[Dataset records]
============
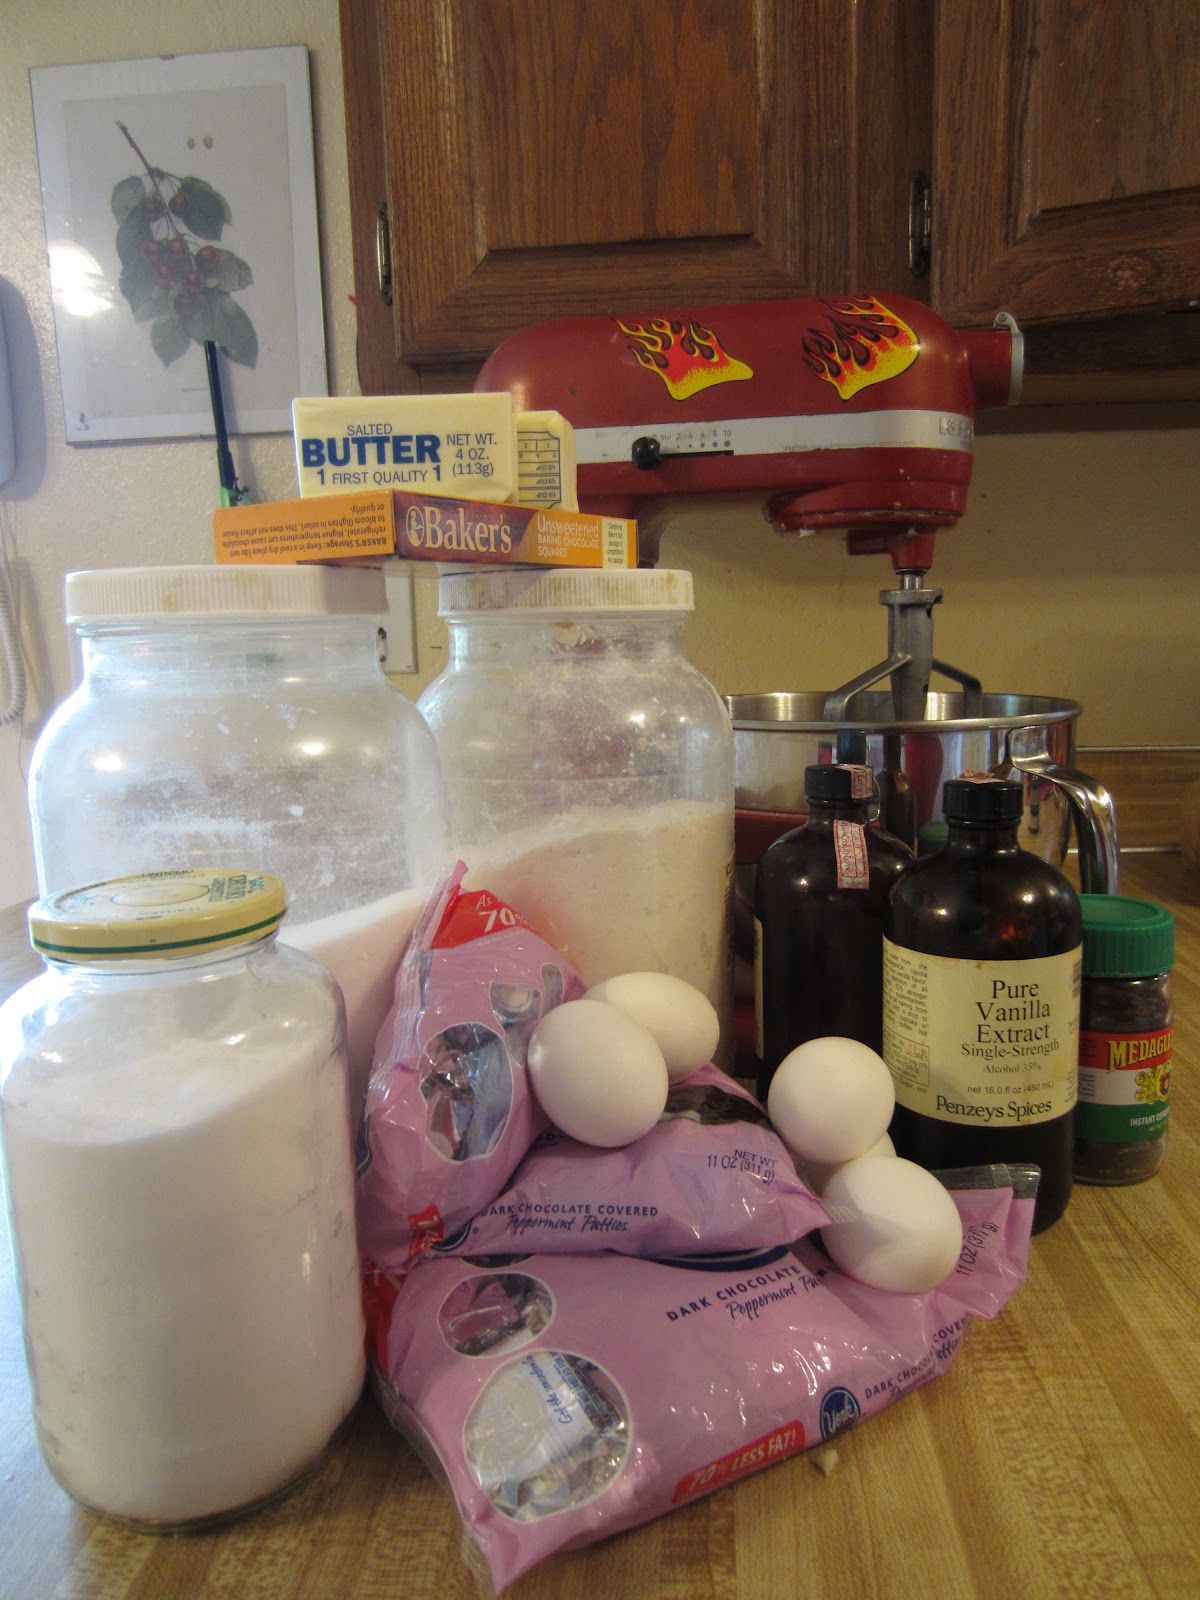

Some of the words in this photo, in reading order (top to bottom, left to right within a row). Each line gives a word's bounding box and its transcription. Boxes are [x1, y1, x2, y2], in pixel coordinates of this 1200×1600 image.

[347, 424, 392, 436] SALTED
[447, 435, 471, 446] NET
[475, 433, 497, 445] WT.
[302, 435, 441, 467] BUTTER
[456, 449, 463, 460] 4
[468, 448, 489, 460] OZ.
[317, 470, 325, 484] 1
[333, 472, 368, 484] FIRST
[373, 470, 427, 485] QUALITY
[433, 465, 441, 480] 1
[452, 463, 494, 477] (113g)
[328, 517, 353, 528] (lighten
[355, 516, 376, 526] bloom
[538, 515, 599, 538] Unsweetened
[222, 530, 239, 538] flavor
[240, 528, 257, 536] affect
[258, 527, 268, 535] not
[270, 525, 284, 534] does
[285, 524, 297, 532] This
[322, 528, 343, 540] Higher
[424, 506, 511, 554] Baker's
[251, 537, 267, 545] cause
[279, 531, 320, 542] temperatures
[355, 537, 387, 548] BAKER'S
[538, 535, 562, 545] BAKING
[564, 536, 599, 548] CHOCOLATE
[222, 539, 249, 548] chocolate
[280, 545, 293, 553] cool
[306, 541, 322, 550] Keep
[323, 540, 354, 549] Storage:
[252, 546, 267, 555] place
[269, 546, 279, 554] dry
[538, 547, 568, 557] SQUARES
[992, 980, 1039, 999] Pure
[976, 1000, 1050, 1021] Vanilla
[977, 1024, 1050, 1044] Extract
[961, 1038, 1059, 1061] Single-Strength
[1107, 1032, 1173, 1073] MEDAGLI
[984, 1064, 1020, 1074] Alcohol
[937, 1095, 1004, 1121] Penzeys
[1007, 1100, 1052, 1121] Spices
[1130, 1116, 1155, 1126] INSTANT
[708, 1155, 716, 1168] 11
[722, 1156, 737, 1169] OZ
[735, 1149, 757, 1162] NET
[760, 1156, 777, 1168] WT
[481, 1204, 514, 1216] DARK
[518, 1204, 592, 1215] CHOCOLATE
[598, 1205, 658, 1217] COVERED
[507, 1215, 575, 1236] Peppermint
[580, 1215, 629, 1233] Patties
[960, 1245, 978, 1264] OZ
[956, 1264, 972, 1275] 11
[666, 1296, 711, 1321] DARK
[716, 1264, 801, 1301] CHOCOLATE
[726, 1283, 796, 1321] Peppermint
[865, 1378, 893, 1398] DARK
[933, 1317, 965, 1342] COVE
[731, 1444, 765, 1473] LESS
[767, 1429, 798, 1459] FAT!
============
# Assignment
Your answer should be an exact copy of the records above, with no pictures in it.

# Task answer
Some of the words in this photo, in reading order (top to bottom, left to right within a row). Each line gives a word's bounding box and its transcription. Boxes are [x1, y1, x2, y2], in pixel coordinates of this 1200×1600 image.

[347, 424, 392, 436] SALTED
[447, 435, 471, 446] NET
[475, 433, 497, 445] WT.
[302, 435, 441, 467] BUTTER
[456, 449, 463, 460] 4
[468, 448, 489, 460] OZ.
[317, 470, 325, 484] 1
[333, 472, 368, 484] FIRST
[373, 470, 427, 485] QUALITY
[433, 465, 441, 480] 1
[452, 463, 494, 477] (113g)
[328, 517, 353, 528] (lighten
[355, 516, 376, 526] bloom
[538, 515, 599, 538] Unsweetened
[222, 530, 239, 538] flavor
[240, 528, 257, 536] affect
[258, 527, 268, 535] not
[270, 525, 284, 534] does
[285, 524, 297, 532] This
[322, 528, 343, 540] Higher
[424, 506, 511, 554] Baker's
[251, 537, 267, 545] cause
[279, 531, 320, 542] temperatures
[355, 537, 387, 548] BAKER'S
[538, 535, 562, 545] BAKING
[564, 536, 599, 548] CHOCOLATE
[222, 539, 249, 548] chocolate
[280, 545, 293, 553] cool
[306, 541, 322, 550] Keep
[323, 540, 354, 549] Storage:
[252, 546, 267, 555] place
[269, 546, 279, 554] dry
[538, 547, 568, 557] SQUARES
[992, 980, 1039, 999] Pure
[976, 1000, 1050, 1021] Vanilla
[977, 1024, 1050, 1044] Extract
[961, 1038, 1059, 1061] Single-Strength
[1107, 1032, 1173, 1073] MEDAGLI
[984, 1064, 1020, 1074] Alcohol
[937, 1095, 1004, 1121] Penzeys
[1007, 1100, 1052, 1121] Spices
[1130, 1116, 1155, 1126] INSTANT
[708, 1155, 716, 1168] 11
[722, 1156, 737, 1169] OZ
[735, 1149, 757, 1162] NET
[760, 1156, 777, 1168] WT
[481, 1204, 514, 1216] DARK
[518, 1204, 592, 1215] CHOCOLATE
[598, 1205, 658, 1217] COVERED
[507, 1215, 575, 1236] Peppermint
[580, 1215, 629, 1233] Patties
[960, 1245, 978, 1264] OZ
[956, 1264, 972, 1275] 11
[666, 1296, 711, 1321] DARK
[716, 1264, 801, 1301] CHOCOLATE
[726, 1283, 796, 1321] Peppermint
[865, 1378, 893, 1398] DARK
[933, 1317, 965, 1342] COVE
[731, 1444, 765, 1473] LESS
[767, 1429, 798, 1459] FAT!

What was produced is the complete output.